A bother of Afghan President Hamid Karzai, Ahmed Wali Karzai, could be involved in the illegal drug trade, which is prompting serious concern among top US officials, the New York Times reported on its Web site on Saturday.
Citing unnamed US officials, the newspaper said the US ambassador to Afghanistan, the CIA station chief and their British counterparts discussed the allegations against Ahmed Wali Karzai with Hamid Karzai as far back as 2006.
But the Afghan president has so far resisted calls to move his brother out of the country, arguing he had not seen any conclusive evidence against Ahmed, the report said.
“We thought the concern expressed to Karzai might be enough to get him out of there,” the paper quoted one US official as saying.
But “we don’t have the kind of hard, direct evidence that you could take to get a criminal indictment. That allows Karzai to say: ‘Where’s your proof?’” it said.
But indirect evidence against Ahmed Wali Karzai continues to mount, the report said.

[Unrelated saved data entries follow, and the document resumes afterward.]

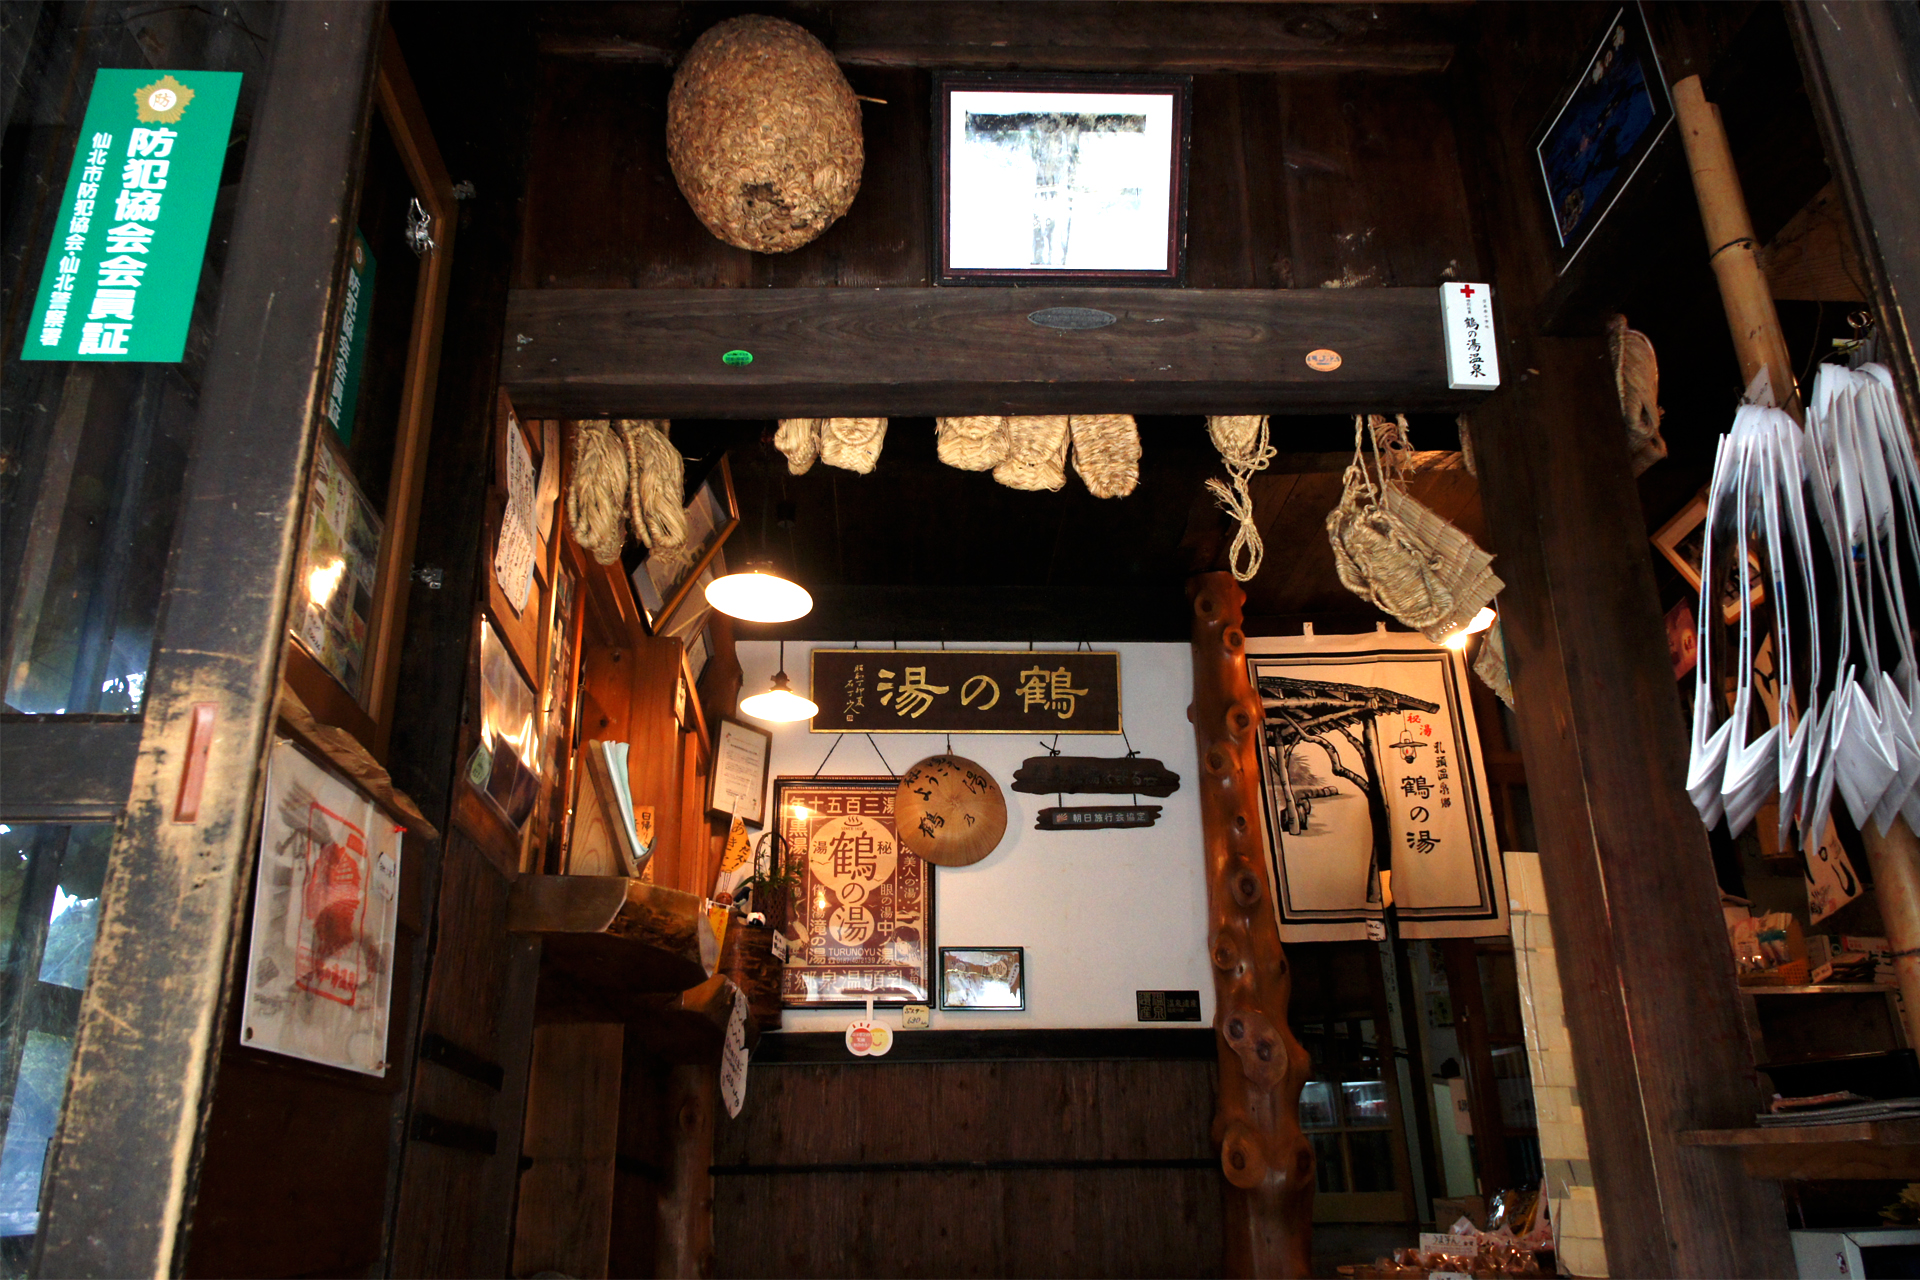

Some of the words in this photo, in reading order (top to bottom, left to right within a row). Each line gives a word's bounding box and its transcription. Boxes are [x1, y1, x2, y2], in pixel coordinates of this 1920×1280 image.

[78, 127, 178, 356] 防犯協会会員証
[1464, 317, 1487, 378] 鶴の湯温泉
[1433, 741, 1452, 809] 乳頭温泉郷
[1400, 775, 1441, 855] 鶴の湯
[828, 830, 878, 942] 鶴の湯
[880, 884, 894, 919] 眼の湯
[903, 856, 918, 899] 美人の湯
[809, 919, 827, 965] 滝の湯
[828, 947, 876, 956] TURUNOYU
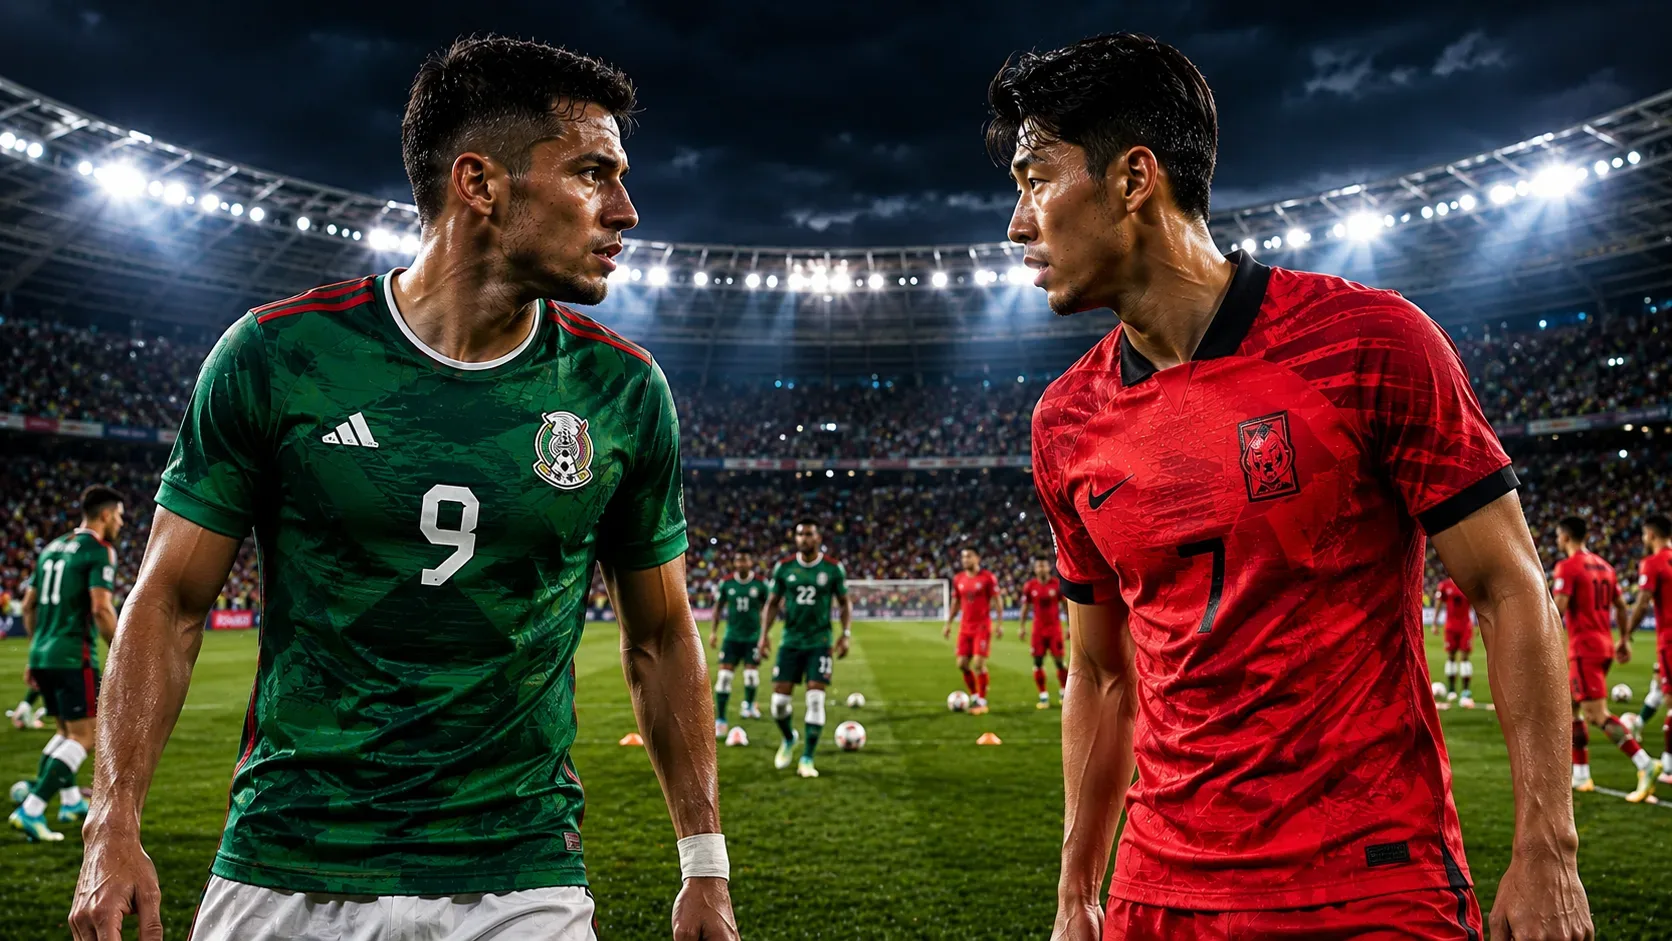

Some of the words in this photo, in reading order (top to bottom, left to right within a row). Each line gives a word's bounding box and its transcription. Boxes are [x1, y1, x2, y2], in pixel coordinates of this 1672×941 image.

When Afghan security forces found an enormous cache of heroin hidden in a tractor-trailer outside Kandahar in 2004, the local Afghan commander Habibullah Jan, received a telephone call from Ahmed Wali Karzai, asking him to release the vehicle and the drugs, the Times said.
Two years later, American and Afghan counternarcotics forces stopped another truck near Kabul and discovered more than 50kg of heroin in it.
After that seizure, the report said, US investigators discovered links between the shipment and a bodyguard believed to be an intermediary for Ahmed Wali Karzai.
Both President Karzai and Ahmed Wali Karzai, who is now head of the Kandahar Provincial Council, dismiss the allegations as politically motivated attacks by longtime enemies, the Times said.